• **EXERCISE AIM**: In the records below, find the line that contains "this 2212×1659 image." and repeat it, along with each line after it, exactly as written.

• **DATA LISTING**:
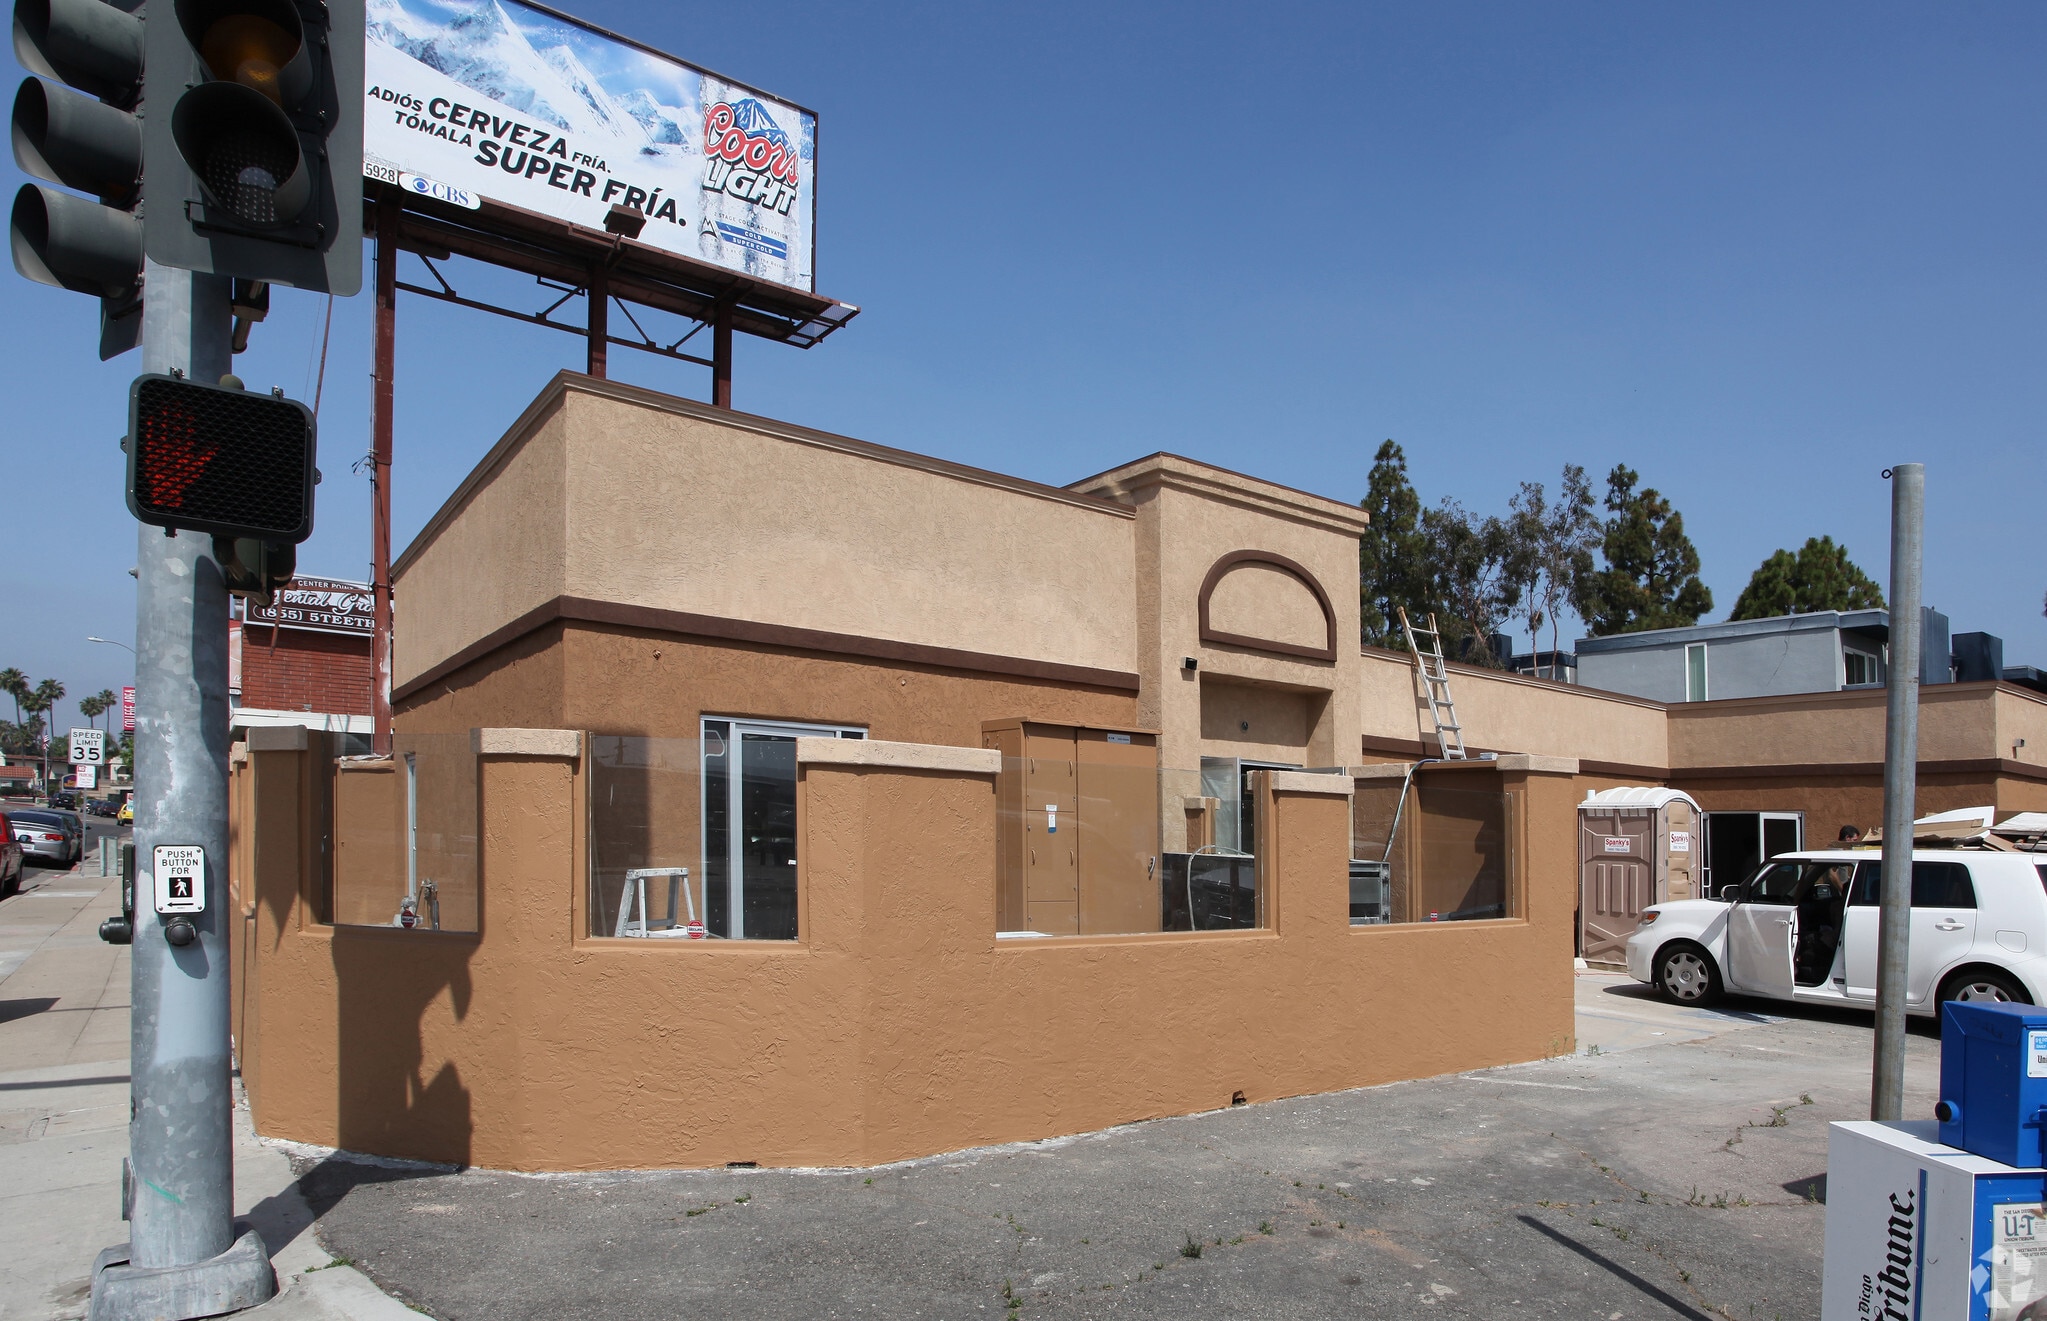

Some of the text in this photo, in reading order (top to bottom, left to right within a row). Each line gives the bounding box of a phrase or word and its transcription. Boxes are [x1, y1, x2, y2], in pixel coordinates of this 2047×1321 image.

[368, 85, 612, 174] ADIÓS CERVEZA FRÍA.
[703, 101, 799, 187] Coors
[365, 163, 396, 182] 5928
[395, 110, 472, 147] TÓMALA
[474, 139, 597, 197] SUPER
[601, 178, 687, 227] FRÍA.
[432, 183, 469, 206] CBS
[702, 159, 797, 216] LIGHT
[744, 231, 762, 241] COLD
[732, 237, 773, 254] SUPER COLD
[298, 580, 329, 588] CENTER
[261, 607, 303, 621] (855)
[124, 705, 135, 728] COLLEGE
[73, 731, 102, 739] SPEED
[73, 747, 100, 761] 35
[1605, 838, 1630, 847] Spanky's
[167, 850, 193, 858] PUSH
[171, 867, 190, 875] FOR
[1858, 1274, 1873, 1314] Diego
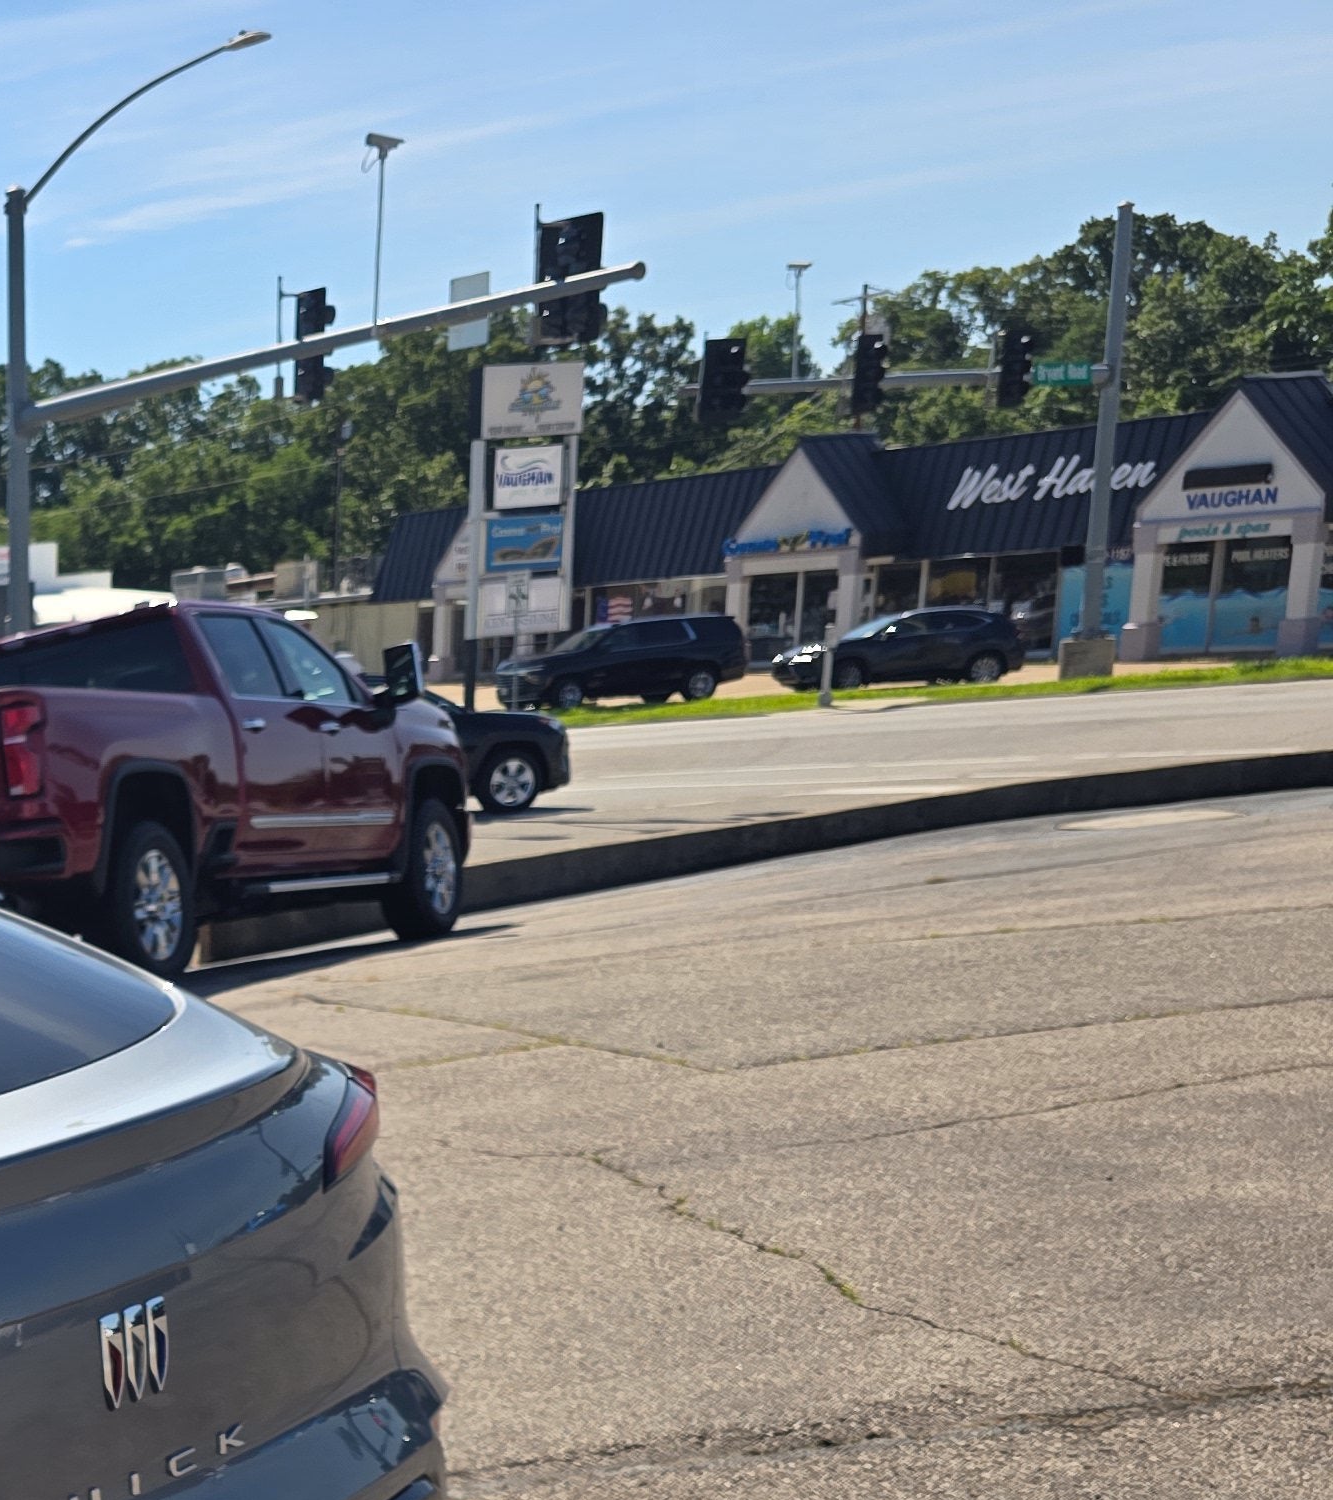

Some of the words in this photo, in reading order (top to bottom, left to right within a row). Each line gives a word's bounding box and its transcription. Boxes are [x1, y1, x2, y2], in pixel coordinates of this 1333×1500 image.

[496, 470, 553, 488] VAUGHAN
[947, 463, 1035, 510] West
[1033, 454, 1158, 501] Haen
[1186, 487, 1278, 510] VAUGHAN
[1178, 523, 1218, 541] pools
[1236, 522, 1271, 538] spas
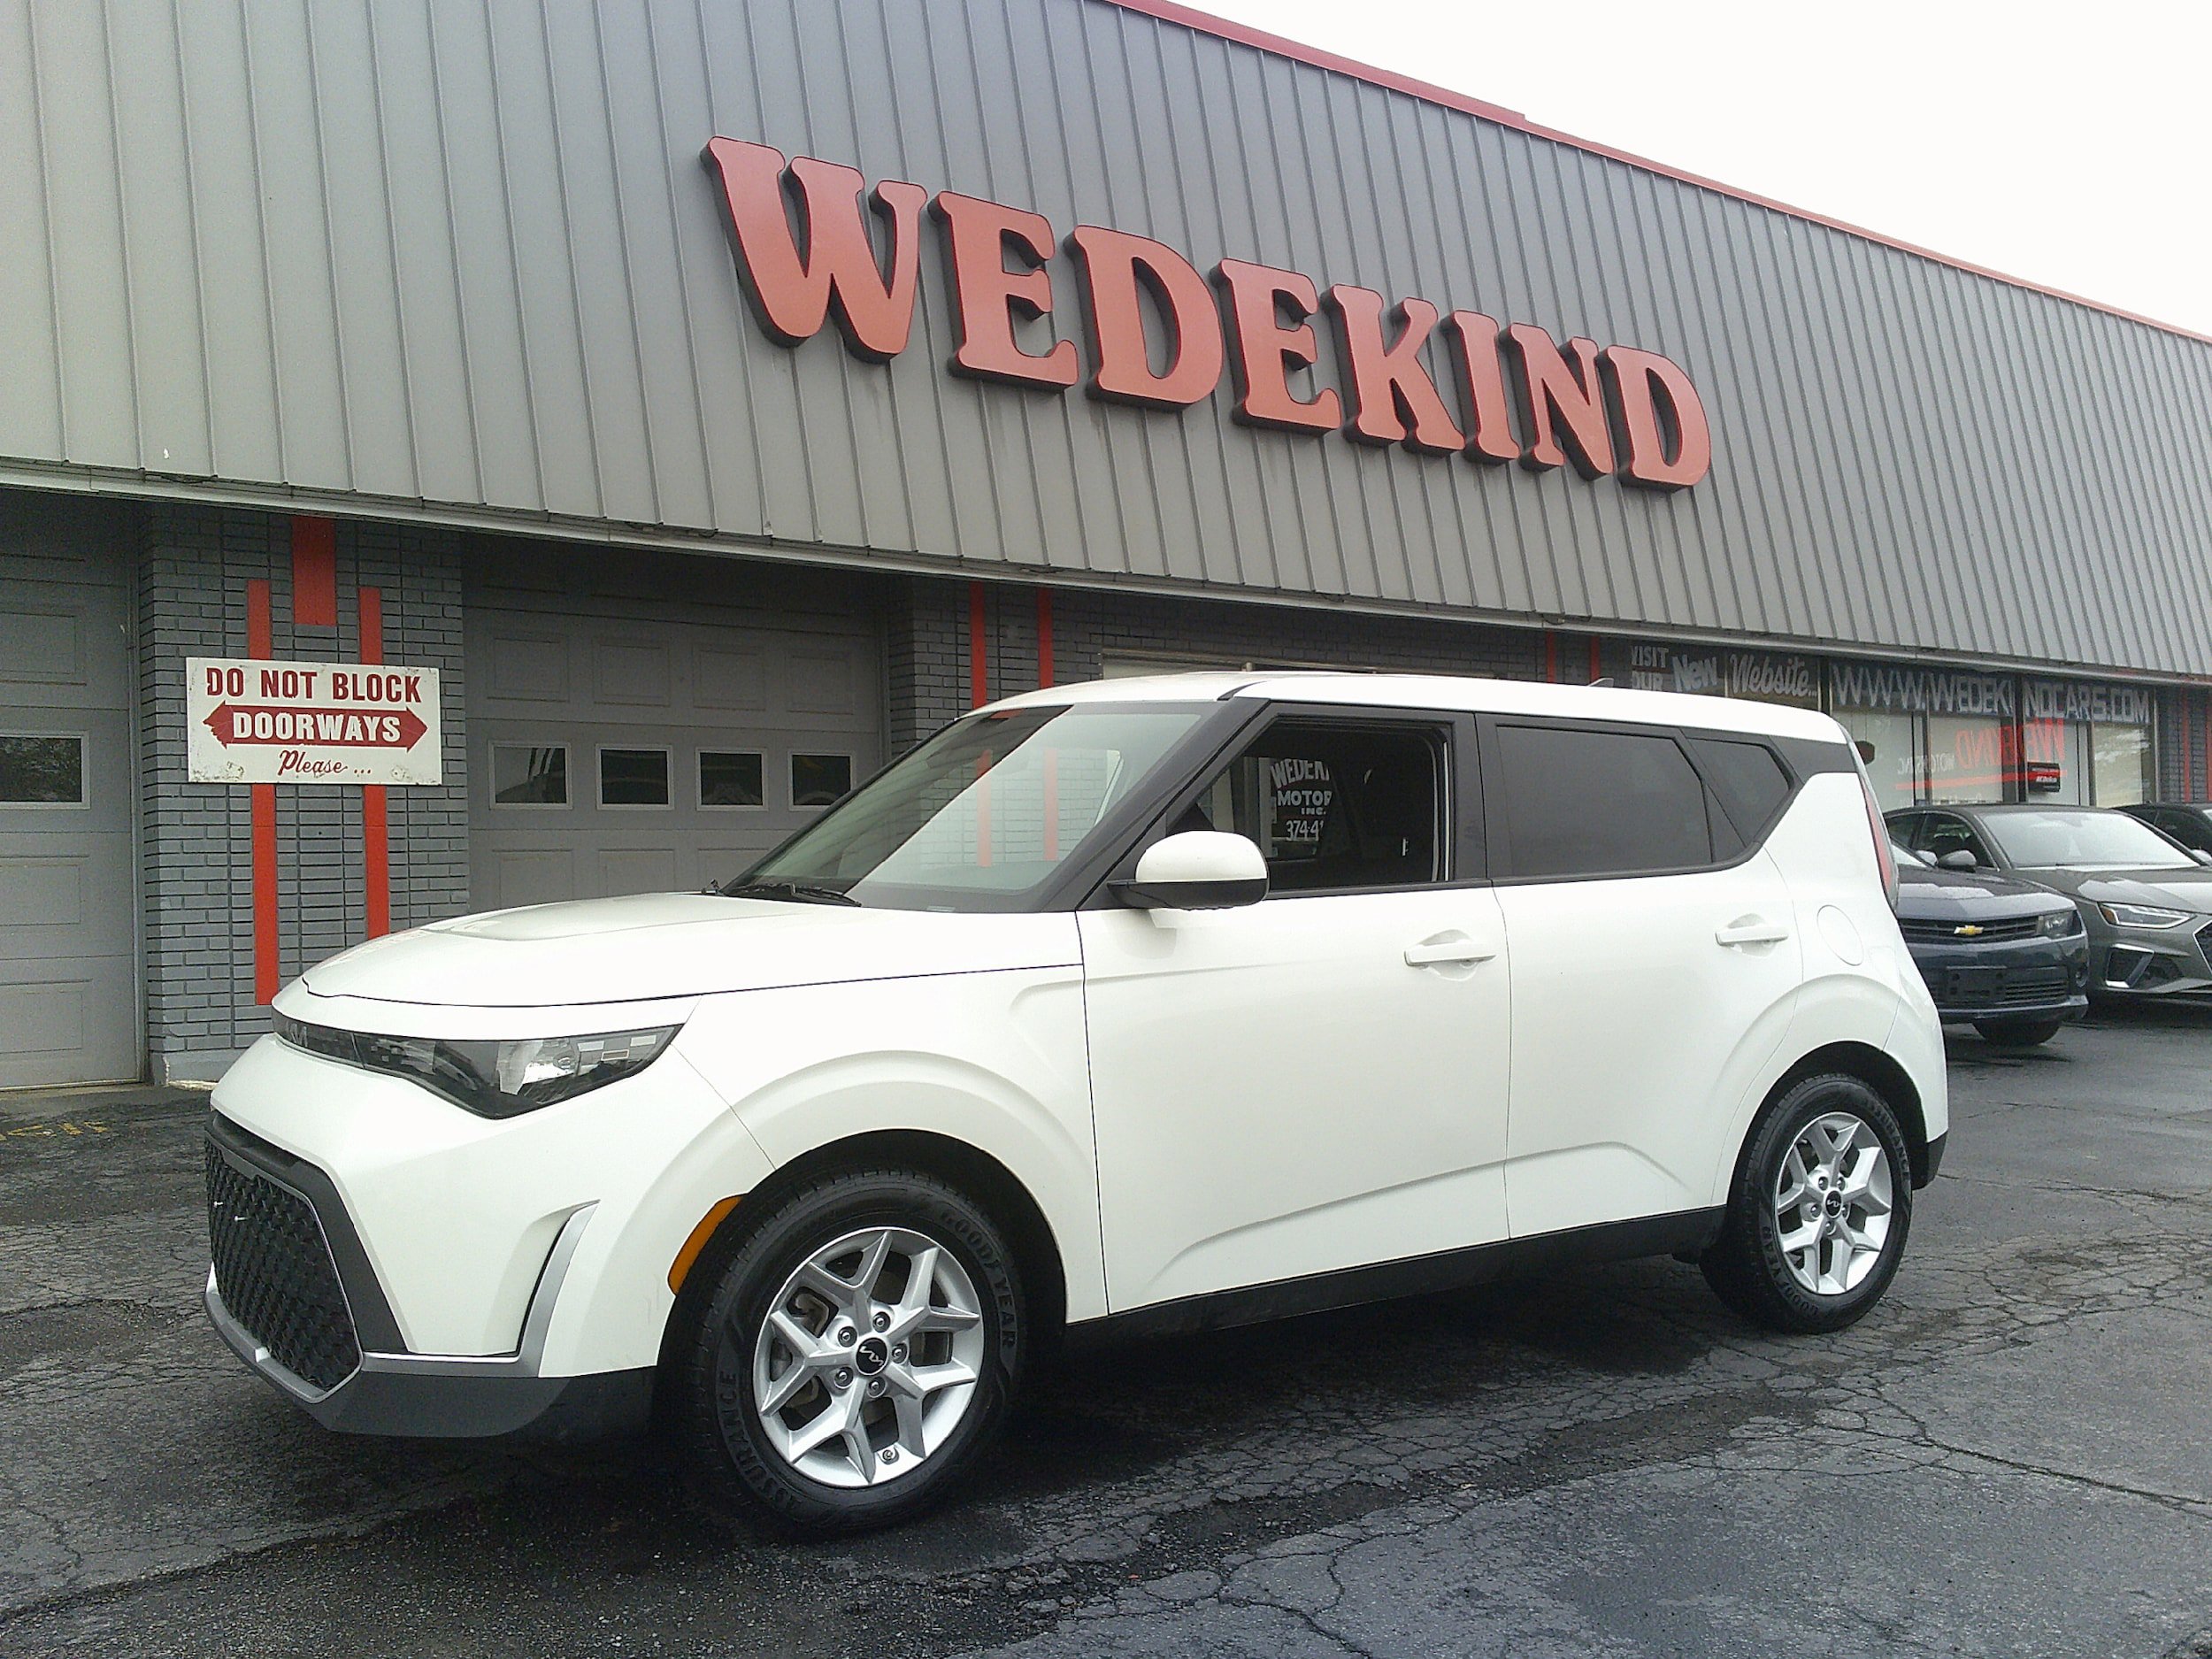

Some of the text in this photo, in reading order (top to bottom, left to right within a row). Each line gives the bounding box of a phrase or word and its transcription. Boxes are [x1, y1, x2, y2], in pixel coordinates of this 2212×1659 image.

[702, 135, 1711, 493] WEDEKIND
[1631, 646, 1669, 668] VISIT
[206, 667, 421, 703] DO NOT BLOCK
[1631, 670, 1663, 691] OUR
[1672, 654, 1719, 692] New
[233, 711, 401, 741] DOORWAYS
[278, 750, 349, 776] Please

• **TASK RESULT**:
Some of the text in this photo, in reading order (top to bottom, left to right within a row). Each line gives the bounding box of a phrase or word and its transcription. Boxes are [x1, y1, x2, y2], in pixel coordinates of this 2212×1659 image.

[702, 135, 1711, 493] WEDEKIND
[1631, 646, 1669, 668] VISIT
[206, 667, 421, 703] DO NOT BLOCK
[1631, 670, 1663, 691] OUR
[1672, 654, 1719, 692] New
[233, 711, 401, 741] DOORWAYS
[278, 750, 349, 776] Please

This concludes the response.